** RECORDS TO PROCESS **
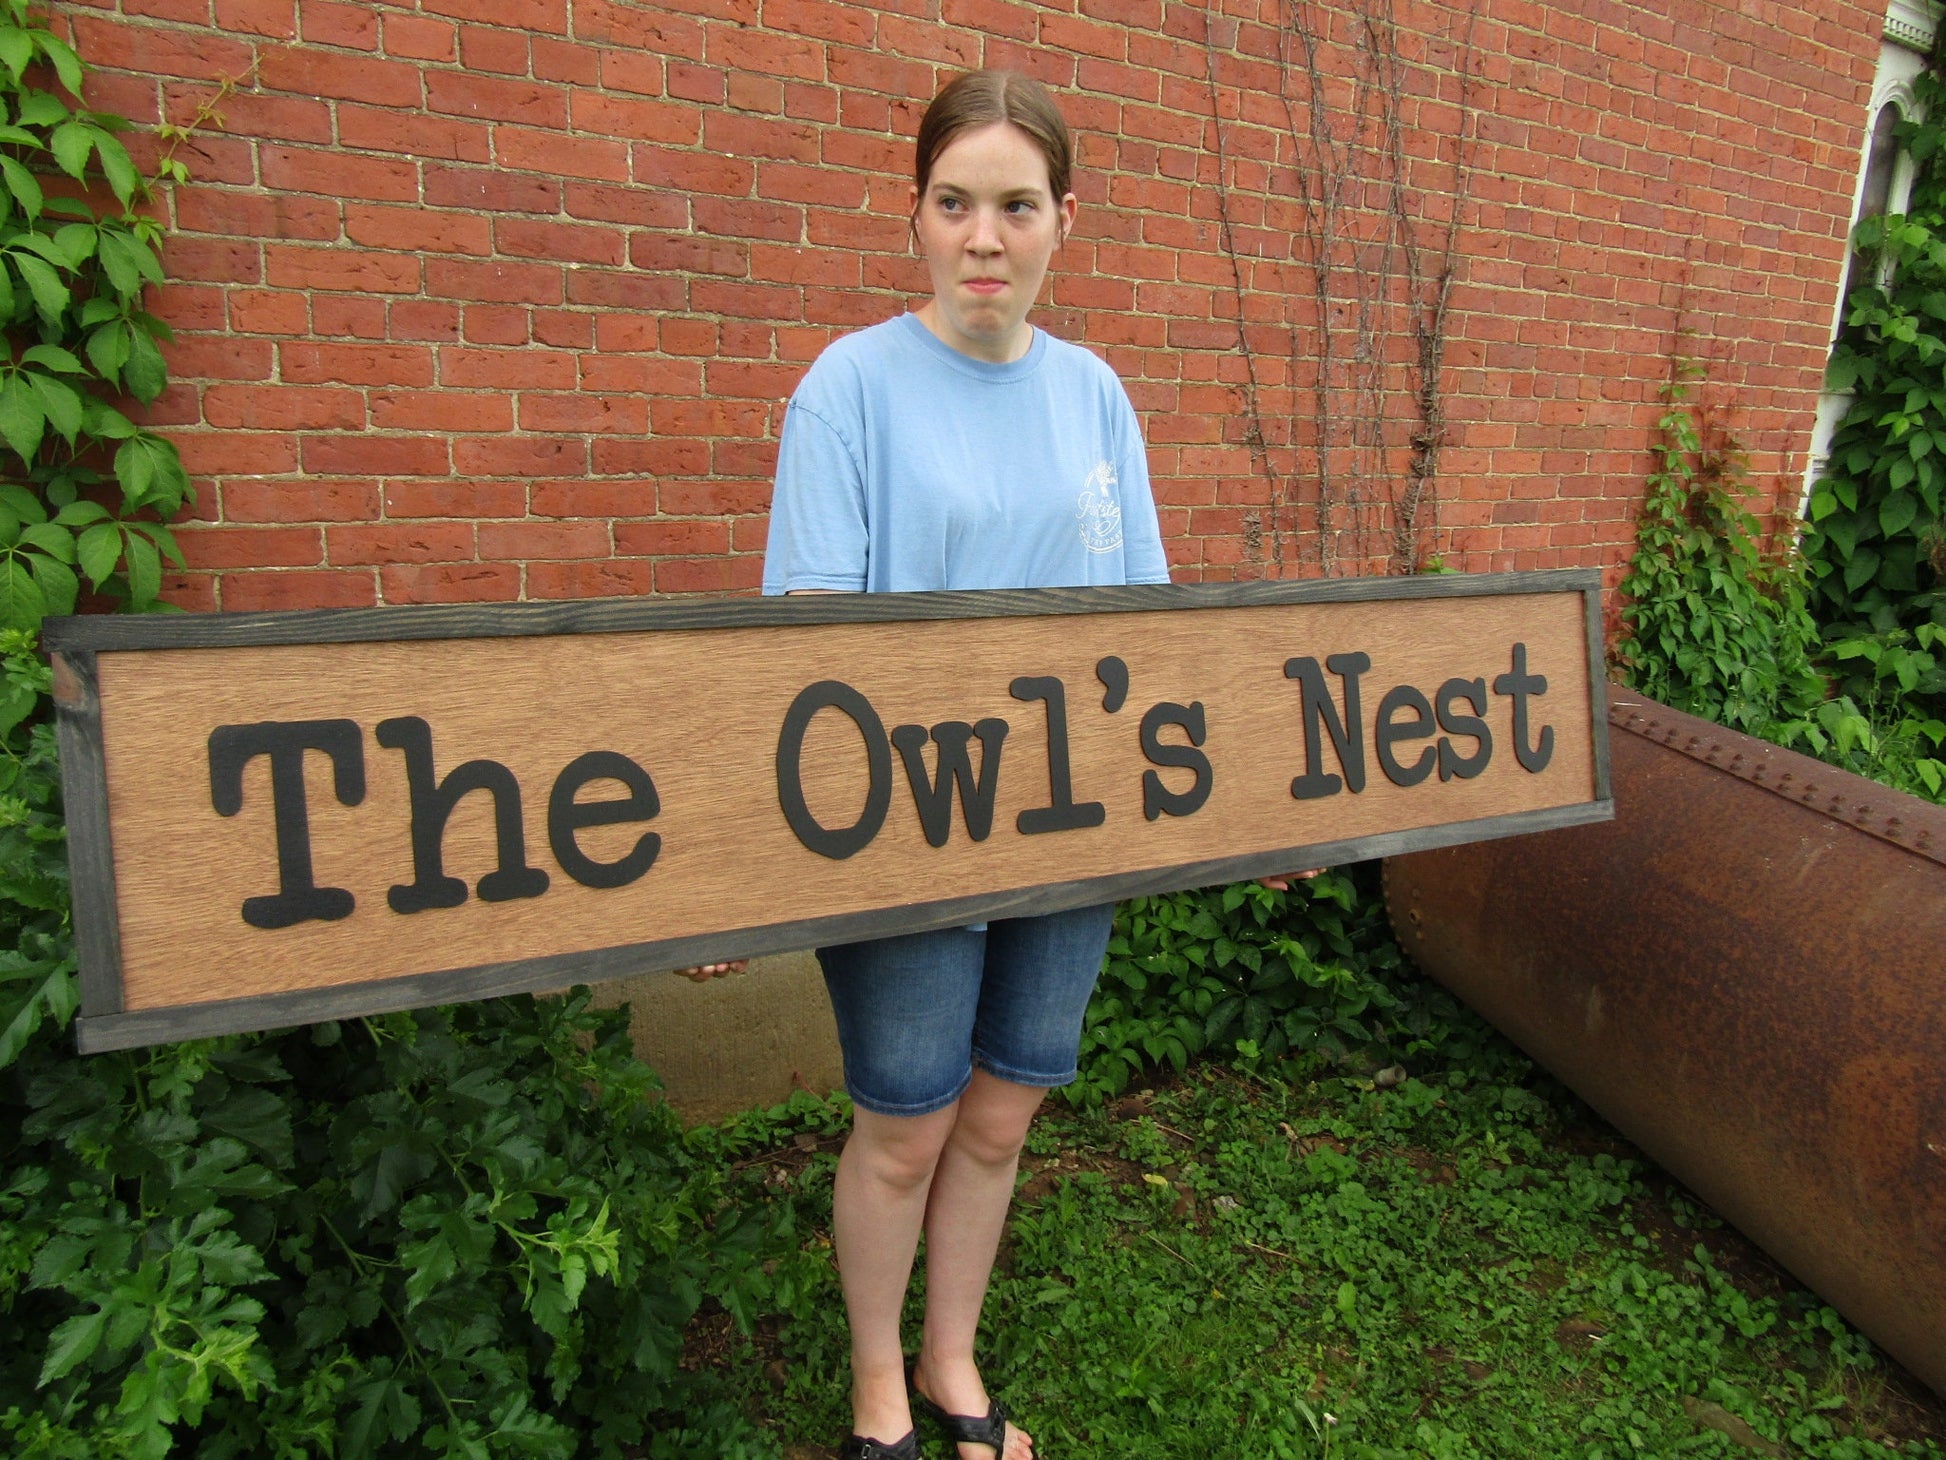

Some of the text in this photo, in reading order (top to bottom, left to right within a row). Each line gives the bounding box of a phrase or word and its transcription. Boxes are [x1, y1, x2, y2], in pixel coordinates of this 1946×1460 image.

[207, 642, 1554, 929] The Owl's Nest
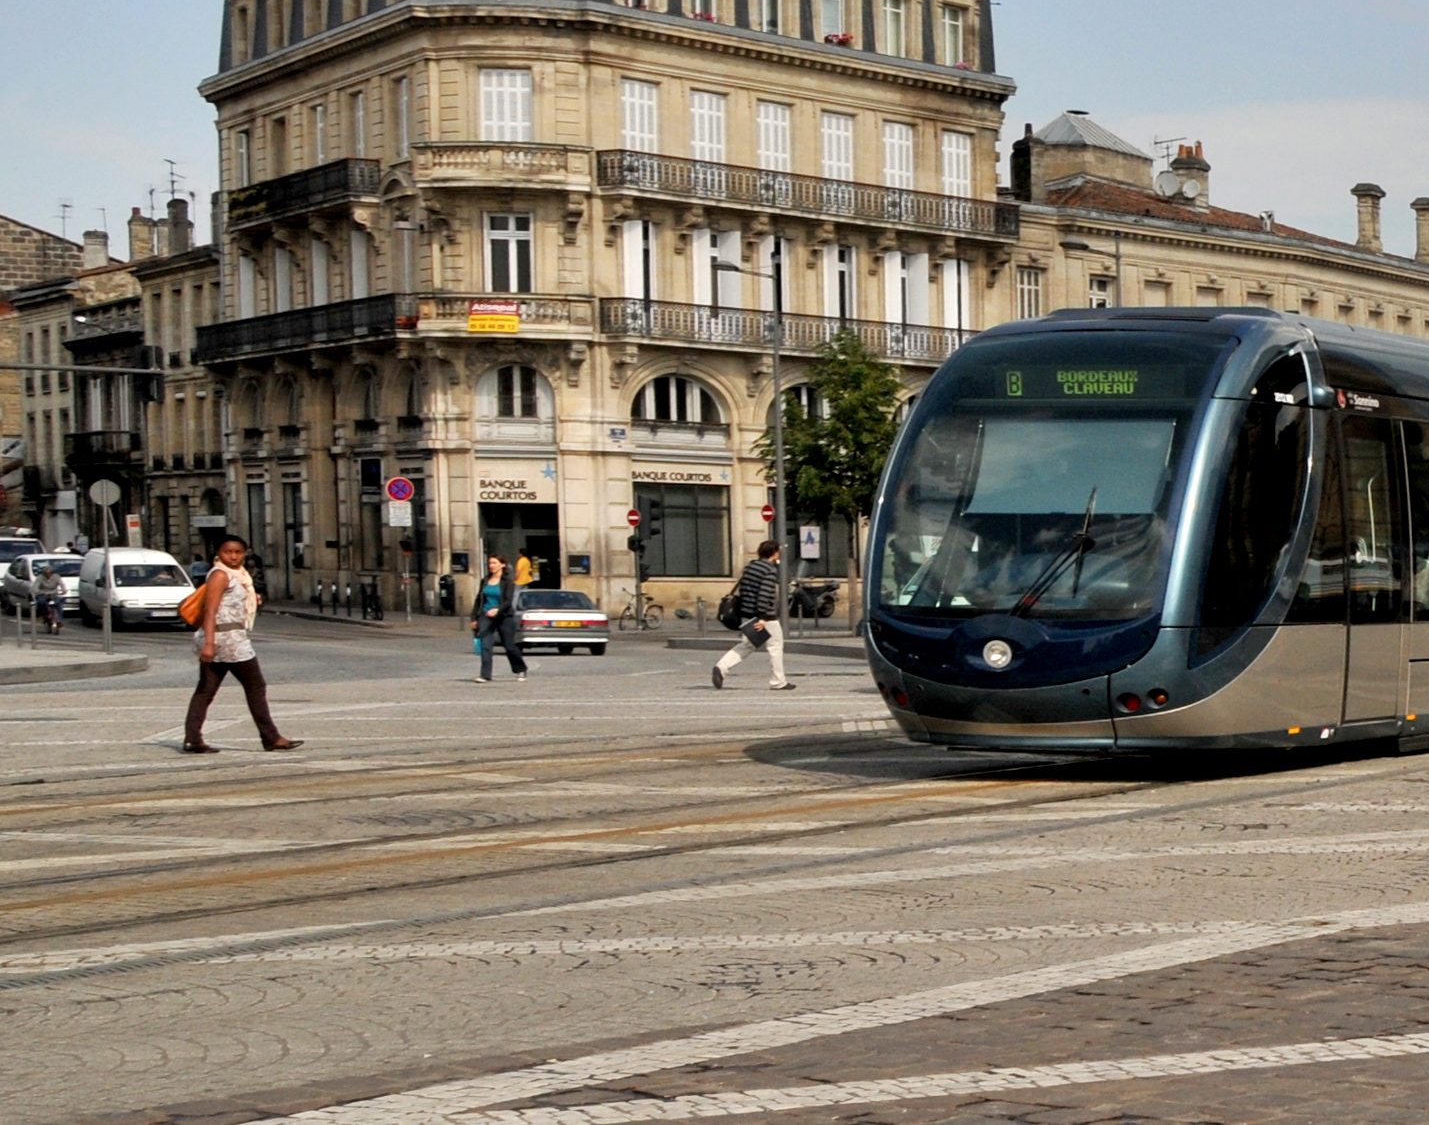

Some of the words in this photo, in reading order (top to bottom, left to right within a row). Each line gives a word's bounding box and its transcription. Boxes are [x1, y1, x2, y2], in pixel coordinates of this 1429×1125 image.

[1057, 371, 1138, 382] BORDEAUX
[1063, 383, 1134, 394] CLAVEAU
[631, 471, 667, 481] BANQUE
[669, 472, 712, 482] COURTOIS
[480, 479, 527, 490] BANQUE
[480, 491, 537, 500] COURTOIS

** HOW TO COMPLETE THIS TASK **
Since the copy must exclude the pictures, transcribe only the text of the records, word for word.

** RESULT OF THE TASK **
Some of the text in this photo, in reading order (top to bottom, left to right within a row). Each line gives the bounding box of a phrase or word and its transcription. Boxes are [x1, y1, x2, y2], in pixel coordinates of this 1946×1460 image.

[207, 642, 1554, 929] The Owl's Nest

Some of the words in this photo, in reading order (top to bottom, left to right within a row). Each line gives a word's bounding box and its transcription. Boxes are [x1, y1, x2, y2], in pixel coordinates of this 1429×1125 image.

[1057, 371, 1138, 382] BORDEAUX
[1063, 383, 1134, 394] CLAVEAU
[631, 471, 667, 481] BANQUE
[669, 472, 712, 482] COURTOIS
[480, 479, 527, 490] BANQUE
[480, 491, 537, 500] COURTOIS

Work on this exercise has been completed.